5 Heart it! Radhika Mīa 671
May 9, 2018
Radhika Mīa
5 Heart it! 671

My life-lessons growing up as the sibling of someone with a life-long mental illness.

I grew up as the sibling of someone with a life-long mental illness. I suffered from what is dubbed as the Well Sibling Syndrome—a little understood and spoken about topic.

Throughout my childhood I was plagued with the guilt of being the “normal” one.

But I was an invisible family member.

They assumed that I was naturally inclined to be responsible, mature, and independent and beyond my years. Perhaps they also expected me to come with an inborn understanding of the world and its people before I even turned ten. I was not supposed to have problems. I was expected to be strong.
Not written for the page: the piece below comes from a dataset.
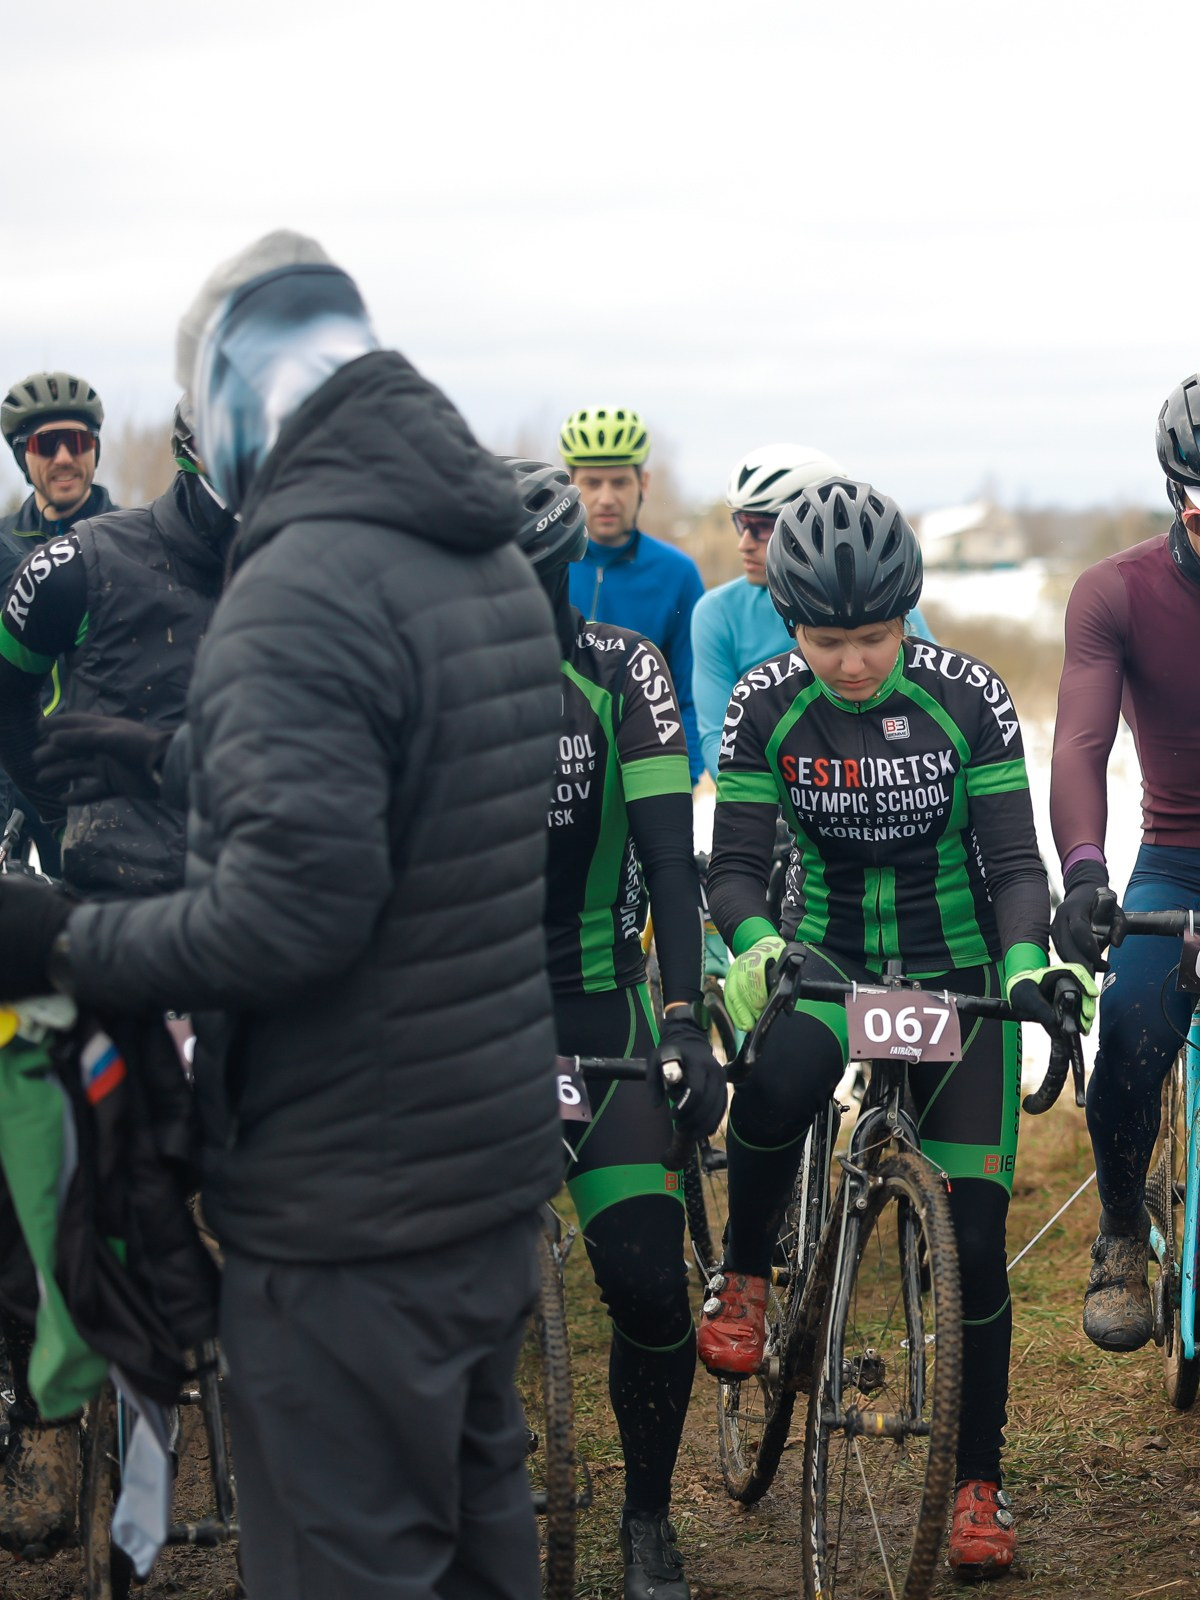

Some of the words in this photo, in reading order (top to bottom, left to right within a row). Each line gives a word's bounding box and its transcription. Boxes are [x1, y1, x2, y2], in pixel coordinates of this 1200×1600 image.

And to turn things worse, I was convinced in my heart that my brother was simply misunderstood by society. He made an effort to fit in a society that did not know what was going on with him. When I saw how persuaded my mom and step-dad were by what the doctors told them about my brother’s rare condition—Autism Spectrum Disorder—my perception of the world and people changed. My lens through which I viewed the world changed the day they decided to put my brother in a mental institution to treat him.

I became a silent witness of the ill-treatment of him. I distrusted adults and emotionally aliened myself from everyone.

I could not trust. I could not feel. I could not talk. I shut down emotionally.

My young life sucked. I was forced to reconcile with the fragility of life and suffered many episodes of depression throughout my life.

I reasoned that if they can misunderstand him then my odds in this savage world were grim. My logic became the belief that there was no way I could be normal unless I conformed to who they wanted me to become.

I realised the only way I could survive this world was to pretend that everything was okay with me. So I brought home good grades. I became a quiet child. I did not express or opine on any matter. I became the perfect child that every parent wanted—just to spare my parents further grief. And to compensate for who my brother could not be to my parents, I pushed hard to be who they wanted me to become.

I desperately wanted to be normal.

I also emotionally alienated myself from my brother. Perhaps it was my way of telling myself that I was not going to partake in life’s anomaly. Or perhaps it was my way of numbing the pain of the grief. Or my way of coping with confusion and an inconsiderate world.

However hard I tried, I never survived the guilt of being the normal one. I carried feelings of resentment, distrust, and blame into my adulthood.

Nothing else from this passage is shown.